Warren Buffett famously said, 'Volatility is far from synonymous with risk.' So it might be obvious that you need to consider debt, when you think about how risky any given stock is, because too much debt can sink a company. As with many other companies Swastik Pipe Limited (NSE:SWASTIK) makes use of debt. But should shareholders be worried about its use of debt?
When Is Debt Dangerous?
Debt assists a business until the business has trouble paying it off, either with new capital or with free cash flow. Ultimately, if the company can't fulfill its legal obligations to repay debt, shareholders could walk away with nothing. However, a more frequent (but still costly) occurrence is where a company must issue shares at bargain-basement prices, permanently diluting shareholders, just to shore up its balance sheet. Of course, the upside of debt is that it often represents cheap capital, especially when it replaces dilution in a company with the ability to reinvest at high rates of return.
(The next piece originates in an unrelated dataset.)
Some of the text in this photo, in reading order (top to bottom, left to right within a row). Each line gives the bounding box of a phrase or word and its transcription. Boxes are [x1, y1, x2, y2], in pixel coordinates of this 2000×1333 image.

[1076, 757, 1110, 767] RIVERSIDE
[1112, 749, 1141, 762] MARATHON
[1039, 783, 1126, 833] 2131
When we examine debt levels, we first consider both cash and debt levels, together.
View our latest analysis for Swastik Pipe
What Is Swastik Pipe's Net Debt?
As you can see below, Swastik Pipe had ₹1.16b of debt, at September 2023, which is about the same as the year before. You can click the chart for greater detail. However, it also had ₹135.5m in cash, and so its net debt is ₹1.03b.
How Healthy Is Swastik Pipe's Balance Sheet?
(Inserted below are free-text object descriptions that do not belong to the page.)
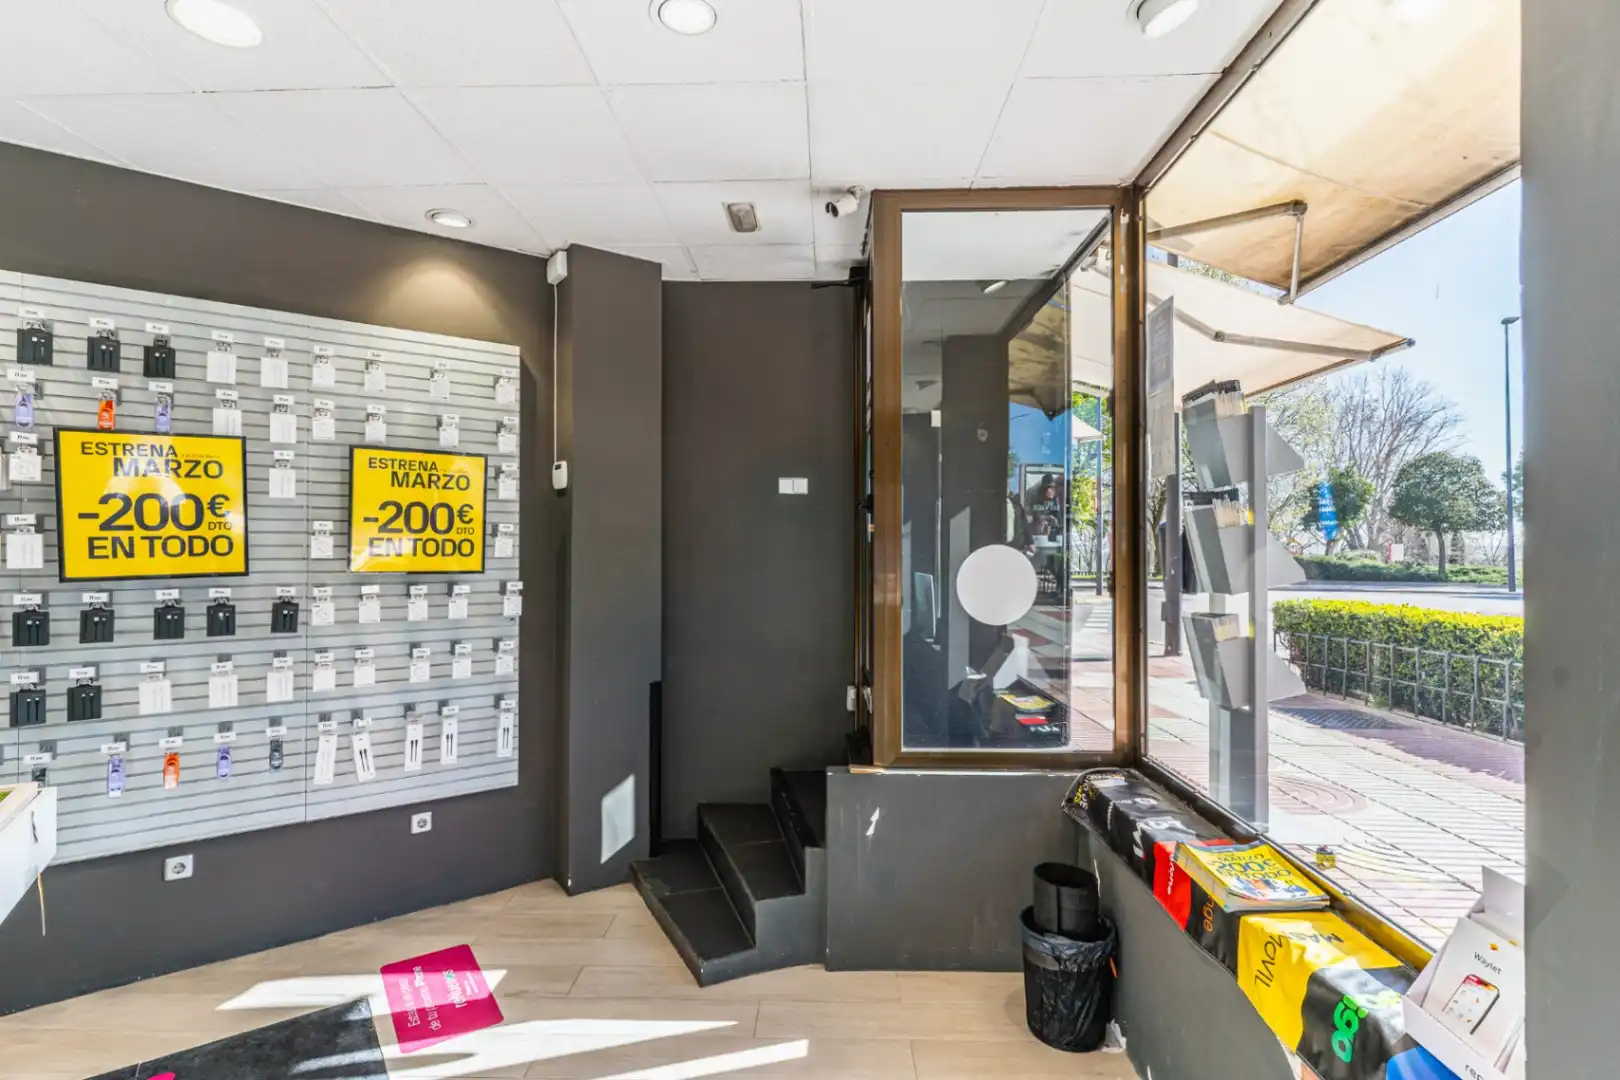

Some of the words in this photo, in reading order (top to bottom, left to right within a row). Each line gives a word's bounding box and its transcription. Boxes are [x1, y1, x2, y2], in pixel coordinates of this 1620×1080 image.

[81, 441, 178, 459] ESTRENA
[113, 457, 223, 480] MARZO
[368, 457, 438, 473] ESTRENA
[391, 471, 471, 491] MARZO
[207, 520, 233, 532] DTO
[456, 526, 475, 536] DTO
[88, 535, 135, 560] EN
[139, 534, 234, 559] TODO
[368, 537, 402, 557] EN
[406, 538, 475, 558] TODO
[1473, 951, 1503, 976] Waylet
We can see from the most recent balance sheet that Swastik Pipe had liabilities of ₹1.53b falling due within a year, and liabilities of ₹460.1m due beyond that. Offsetting this, it had ₹135.5m in cash and ₹2.21b in receivables that were due within 12 months. So it actually has ₹354.3m more liquid assets than total liabilities.
This excess liquidity suggests that Swastik Pipe is taking a careful approach to debt. Given it has easily adequate short term liquidity, we don't think it will have any issues with its lenders.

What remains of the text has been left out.